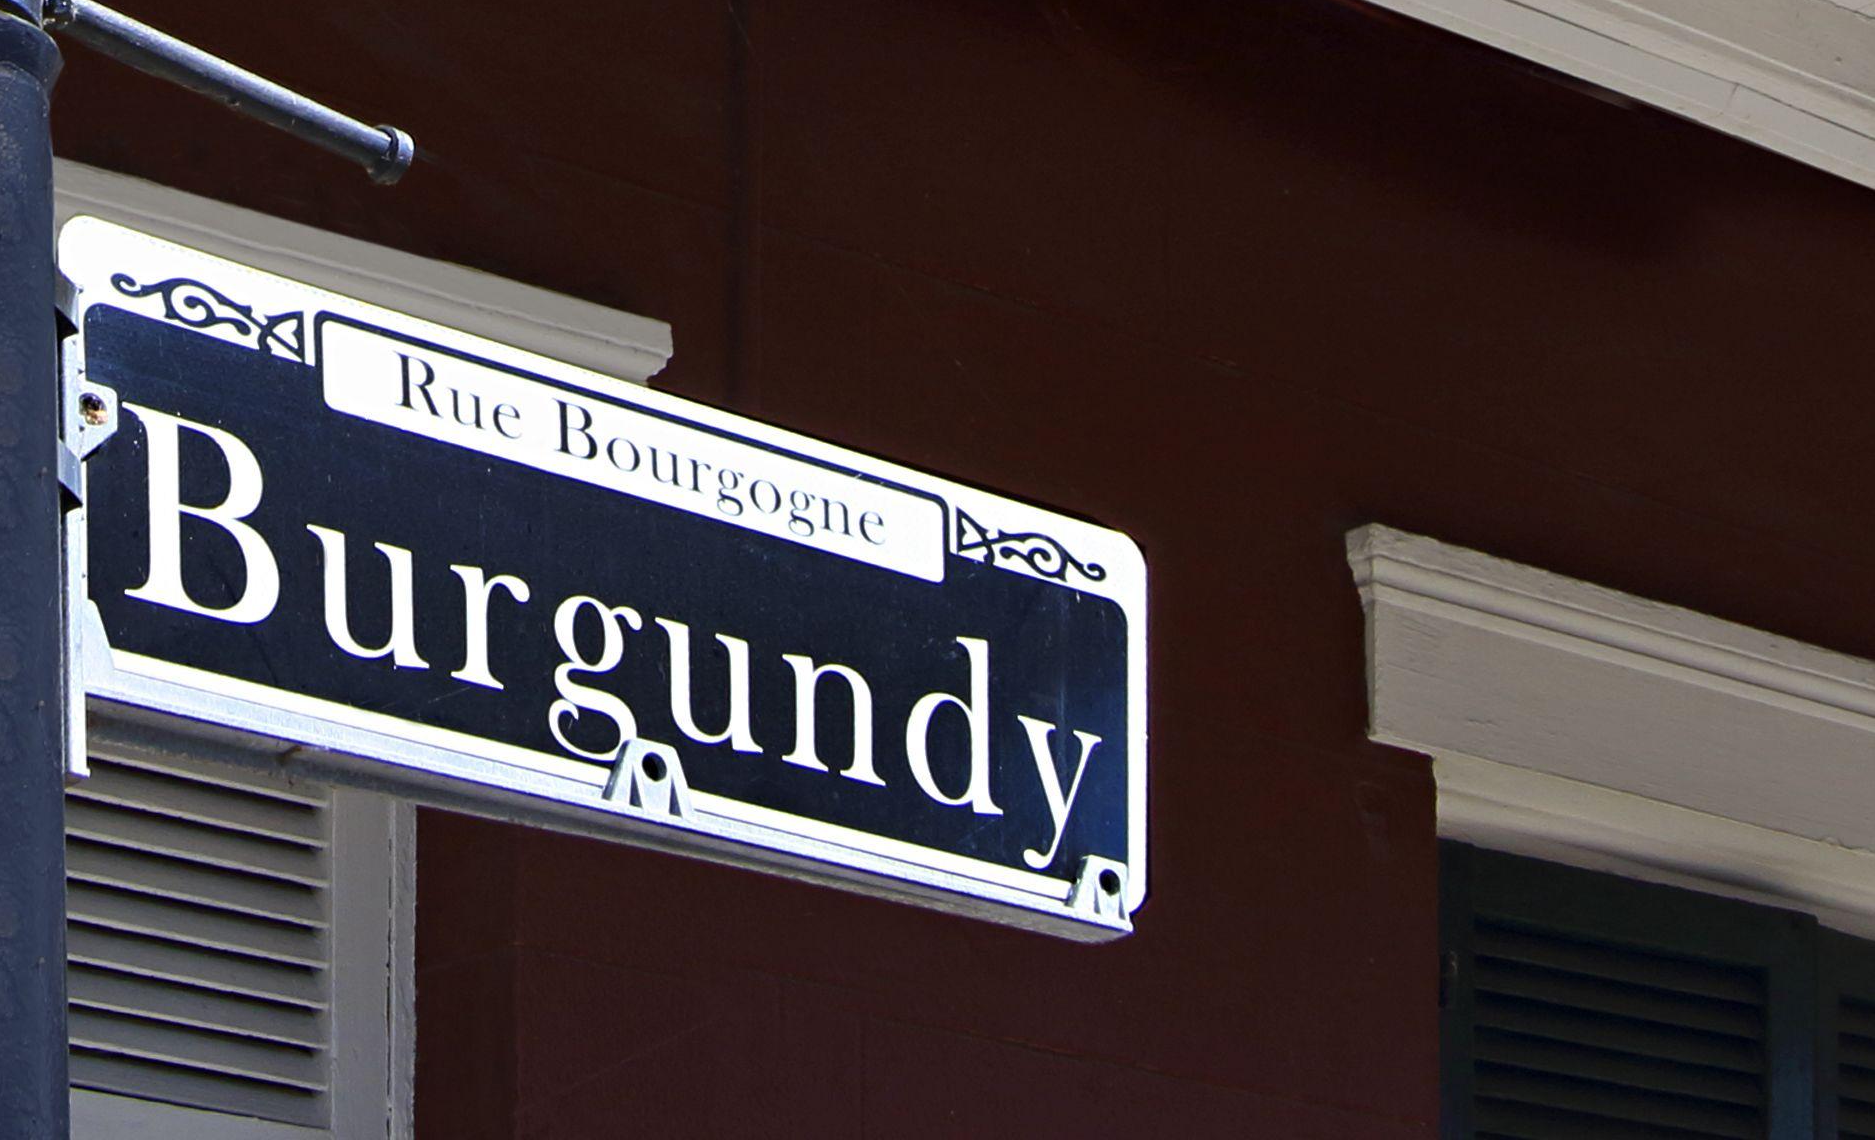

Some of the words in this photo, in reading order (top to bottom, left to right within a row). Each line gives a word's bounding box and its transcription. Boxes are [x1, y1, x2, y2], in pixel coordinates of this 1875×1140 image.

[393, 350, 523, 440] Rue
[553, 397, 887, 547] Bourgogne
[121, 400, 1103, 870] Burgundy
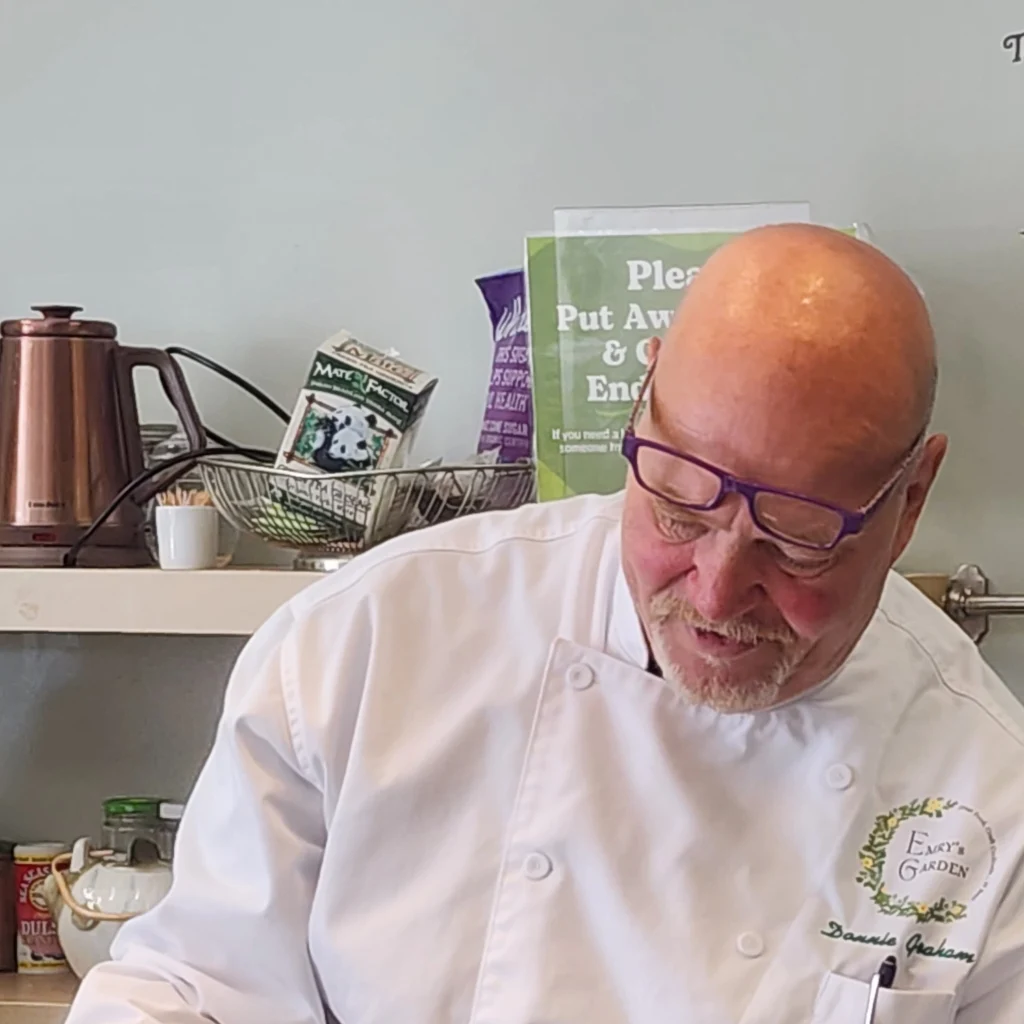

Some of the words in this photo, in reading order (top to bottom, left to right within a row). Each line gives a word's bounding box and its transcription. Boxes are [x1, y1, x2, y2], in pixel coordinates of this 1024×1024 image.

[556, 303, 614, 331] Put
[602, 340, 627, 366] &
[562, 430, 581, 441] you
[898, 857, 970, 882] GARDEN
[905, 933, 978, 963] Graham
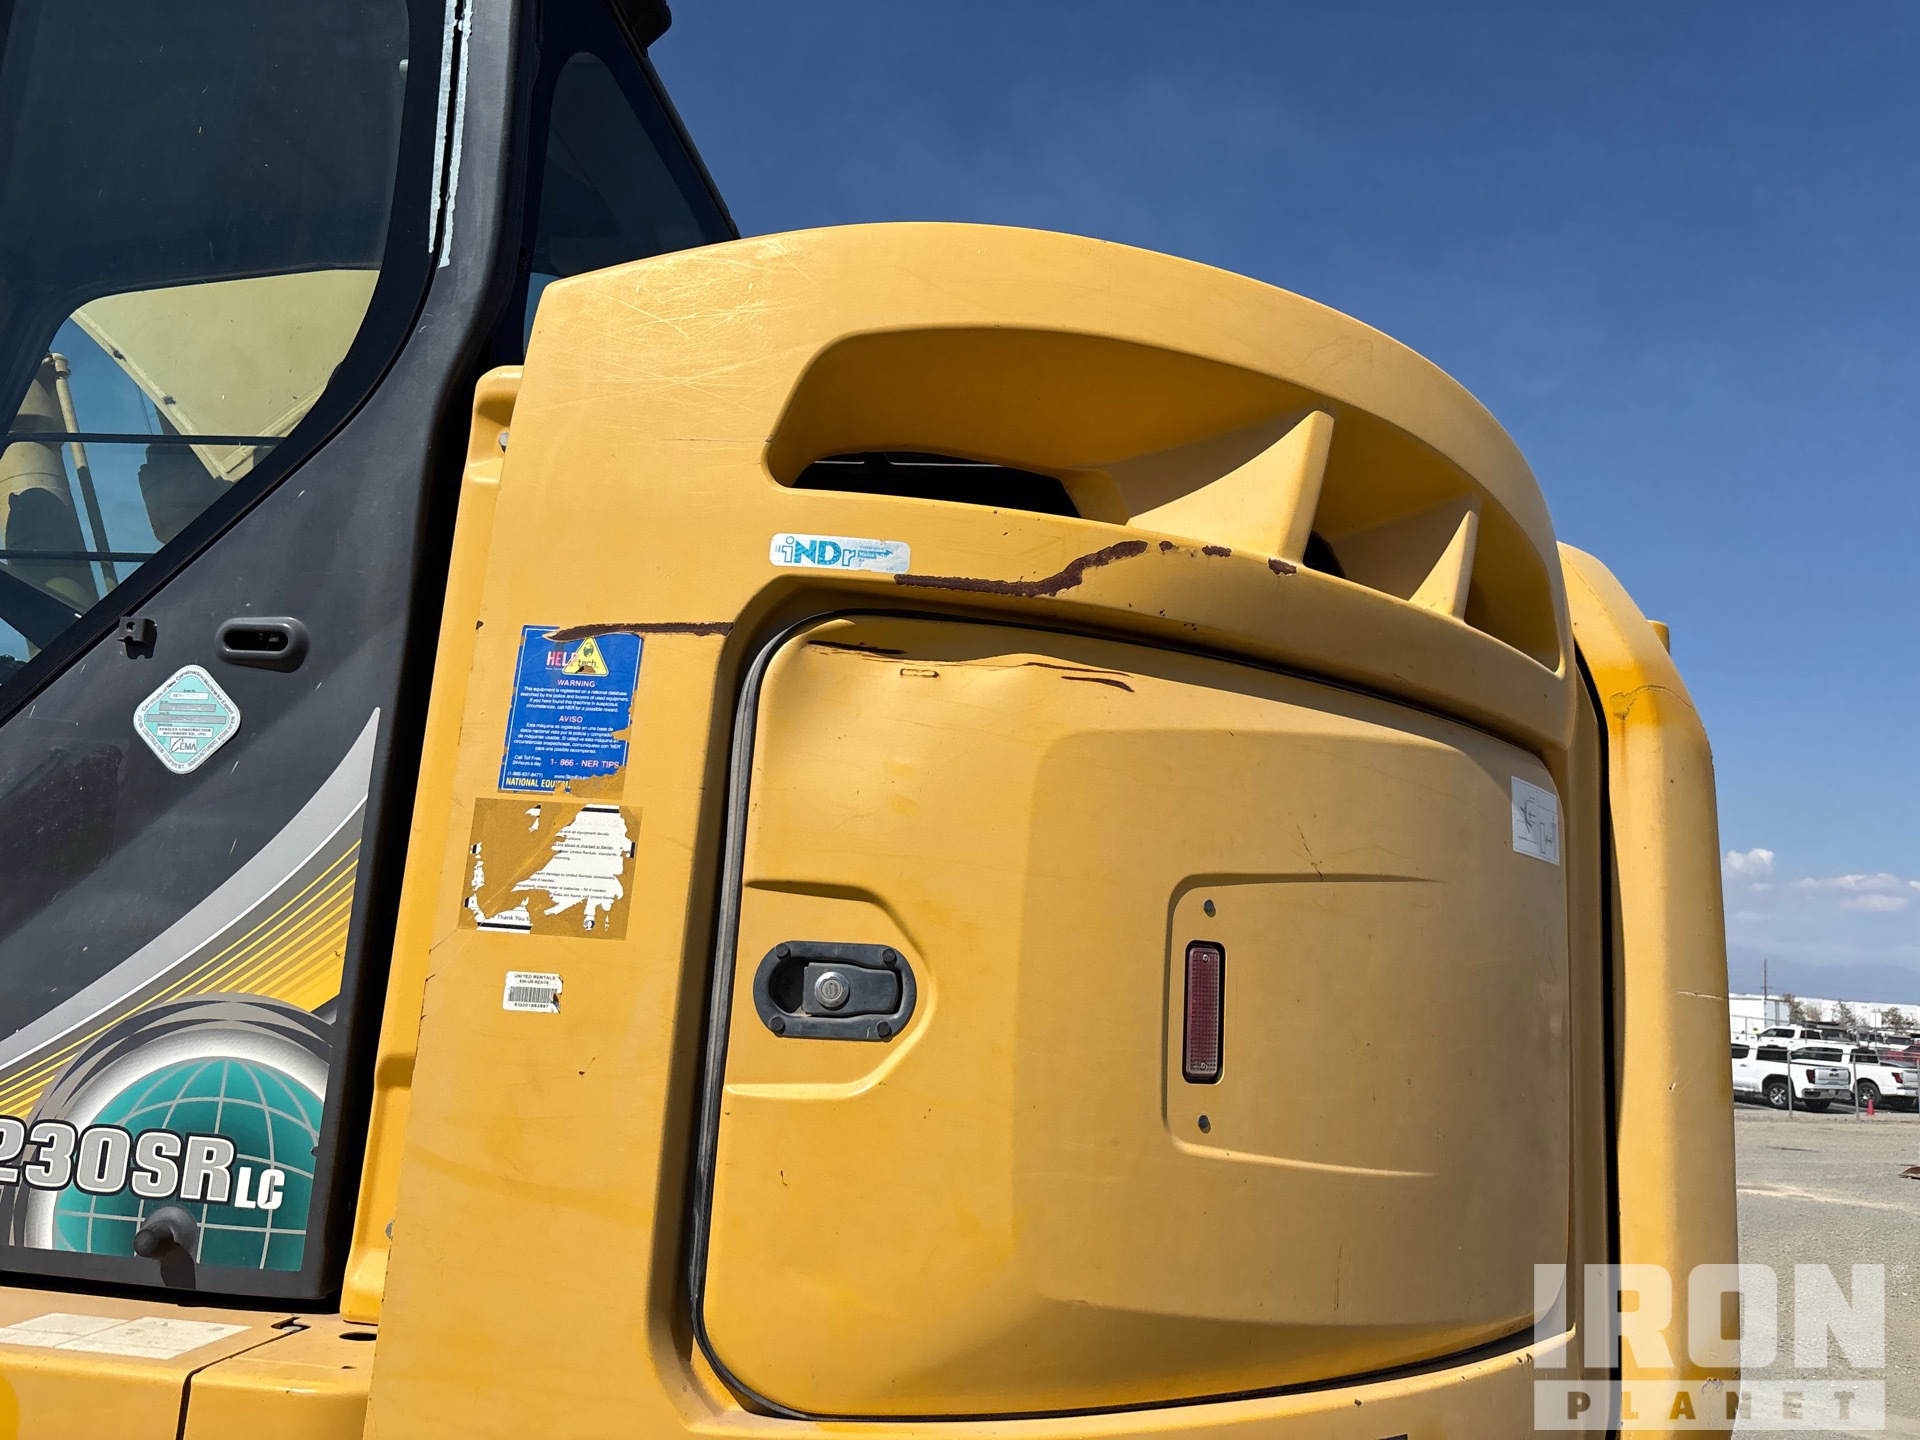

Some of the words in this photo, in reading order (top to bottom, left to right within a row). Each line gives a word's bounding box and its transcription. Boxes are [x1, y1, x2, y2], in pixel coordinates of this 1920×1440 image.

....................

» ABOUT THIS TASK
An exact copy of every entry, pictures left out, is what to write here.

» SOLUTION TO THIS PROBLEM
Some of the words in this photo, in reading order (top to bottom, left to right within a row). Each line gives a word's bounding box and its transcription. Boxes are [x1, y1, x2, y2], in pixel coordinates of this 1875×1140 image.

[393, 350, 523, 440] Rue
[553, 397, 887, 547] Bourgogne
[121, 400, 1103, 870] Burgundy

Some of the words in this photo, in reading order (top to bottom, left to right within a row). Each line gives a word's bounding box and its transcription. Boxes are [x1, y1, x2, y2], in pixel coordinates of this 1024×1024 image.

[556, 303, 614, 331] Put
[602, 340, 627, 366] &
[562, 430, 581, 441] you
[898, 857, 970, 882] GARDEN
[905, 933, 978, 963] Graham

Some of the words in this photo, in reading order (top to bottom, left to right within a row). Each line gives a word's bounding box and its transcription. Boxes are [x1, y1, x2, y2], in pixel coordinates of this 1920×1440 image.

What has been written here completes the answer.